To prove that a positive integer n is even if and only if 7n + 4 is even, we will break this down into two parts: the ‘if’ part and the ‘only if’ part.
If n is even, then 7n + 4 is even
Suppose n is an even positive integer. By definition, this means there exists some integer k such that n = 2k.
Now, substituting this into the expression 7n + 4:
7n + 4 = 7(2k) + 4 = 14k + 4 = 2(7k + 2)
Since the expression 7k + 2 is an integer (as both 7k and 2 are integers), we can see that 7n + 4 is clearly a multiple of 2. Hence, 7n + 4 is even.
If 7n + 4 is even, then n is even
Now, let’s assume that 7n + 4 is an even integer. This means that there exists some integer m such that:
7n + 4 = 2m
Rearranging this gives:
7n = 2m – 4
Factoring out a 2 from the right side:
7n = 2(m – 2)
To isolate n, we divide both sides by 7:
n = (2(m – 2))/7
For n to be an integer, 2(m – 2) must be divisible by 7. Now we need to examine the form of 2(m – 2). Because it is an even number (since it is clearly a multiple of 2), if it is divisible by 7, we consider what kind of integer m – 2 could be.

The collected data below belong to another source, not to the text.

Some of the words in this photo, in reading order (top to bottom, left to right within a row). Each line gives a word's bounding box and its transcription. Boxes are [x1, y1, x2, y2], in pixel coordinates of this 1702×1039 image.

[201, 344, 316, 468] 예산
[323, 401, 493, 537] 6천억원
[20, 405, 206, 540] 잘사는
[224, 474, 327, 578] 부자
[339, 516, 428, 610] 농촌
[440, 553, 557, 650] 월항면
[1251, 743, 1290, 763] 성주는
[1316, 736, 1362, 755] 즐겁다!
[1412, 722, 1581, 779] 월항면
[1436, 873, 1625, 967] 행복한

Note that for n to be an integer, (m – 2) must be such that multiplying by 2 and dividing by 7 yields an integer. Thus, n is an integer whenever m – 2 is even, which implies that m must also be even. Therefore, resulting from this condition keeps m to be even, 7n + 4 being even indicates that n must also be even.
Thus, we have shown both directions of the proof: if n is even, then 7n + 4 is even; and if 7n + 4 is even, then n is even. Therefore, we conclude:
n is even if and only if 7n + 4 is even.